Records to use:
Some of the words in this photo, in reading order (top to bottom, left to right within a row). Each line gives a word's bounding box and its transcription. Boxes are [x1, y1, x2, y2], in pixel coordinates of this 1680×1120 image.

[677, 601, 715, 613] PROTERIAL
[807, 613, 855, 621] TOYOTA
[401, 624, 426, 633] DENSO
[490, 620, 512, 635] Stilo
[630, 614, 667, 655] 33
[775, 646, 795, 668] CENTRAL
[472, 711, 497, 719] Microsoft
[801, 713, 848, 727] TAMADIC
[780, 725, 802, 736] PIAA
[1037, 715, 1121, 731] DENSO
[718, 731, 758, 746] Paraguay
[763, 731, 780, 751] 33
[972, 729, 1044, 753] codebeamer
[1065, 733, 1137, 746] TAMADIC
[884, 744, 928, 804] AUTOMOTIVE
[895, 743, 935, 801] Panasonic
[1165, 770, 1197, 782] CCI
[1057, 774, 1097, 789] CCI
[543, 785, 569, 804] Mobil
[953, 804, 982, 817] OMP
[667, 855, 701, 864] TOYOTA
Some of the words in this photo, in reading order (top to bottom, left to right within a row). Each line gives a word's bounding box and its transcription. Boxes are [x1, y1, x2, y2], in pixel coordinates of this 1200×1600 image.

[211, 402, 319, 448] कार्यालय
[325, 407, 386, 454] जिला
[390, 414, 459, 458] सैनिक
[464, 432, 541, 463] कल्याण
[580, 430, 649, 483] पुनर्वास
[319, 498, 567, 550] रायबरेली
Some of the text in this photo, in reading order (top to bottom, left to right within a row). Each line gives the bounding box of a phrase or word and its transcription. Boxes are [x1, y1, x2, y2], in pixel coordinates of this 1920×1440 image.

Problem to solve: A verbatim transcription of all the entries above is required.

Result:
Some of the words in this photo, in reading order (top to bottom, left to right within a row). Each line gives a word's bounding box and its transcription. Boxes are [x1, y1, x2, y2], in pixel coordinates of this 1680×1120 image.

[677, 601, 715, 613] PROTERIAL
[807, 613, 855, 621] TOYOTA
[401, 624, 426, 633] DENSO
[490, 620, 512, 635] Stilo
[630, 614, 667, 655] 33
[775, 646, 795, 668] CENTRAL
[472, 711, 497, 719] Microsoft
[801, 713, 848, 727] TAMADIC
[780, 725, 802, 736] PIAA
[1037, 715, 1121, 731] DENSO
[718, 731, 758, 746] Paraguay
[763, 731, 780, 751] 33
[972, 729, 1044, 753] codebeamer
[1065, 733, 1137, 746] TAMADIC
[884, 744, 928, 804] AUTOMOTIVE
[895, 743, 935, 801] Panasonic
[1165, 770, 1197, 782] CCI
[1057, 774, 1097, 789] CCI
[543, 785, 569, 804] Mobil
[953, 804, 982, 817] OMP
[667, 855, 701, 864] TOYOTA
Some of the words in this photo, in reading order (top to bottom, left to right within a row). Each line gives a word's bounding box and its transcription. Boxes are [x1, y1, x2, y2], in pixel coordinates of this 1200×1600 image.

[211, 402, 319, 448] कार्यालय
[325, 407, 386, 454] जिला
[390, 414, 459, 458] सैनिक
[464, 432, 541, 463] कल्याण
[580, 430, 649, 483] पुनर्वास
[319, 498, 567, 550] रायबरेली
Some of the text in this photo, in reading order (top to bottom, left to right within a row). Each line gives the bounding box of a phrase or word and its transcription. Boxes are [x1, y1, x2, y2], in pixel coordinates of this 1920×1440 image.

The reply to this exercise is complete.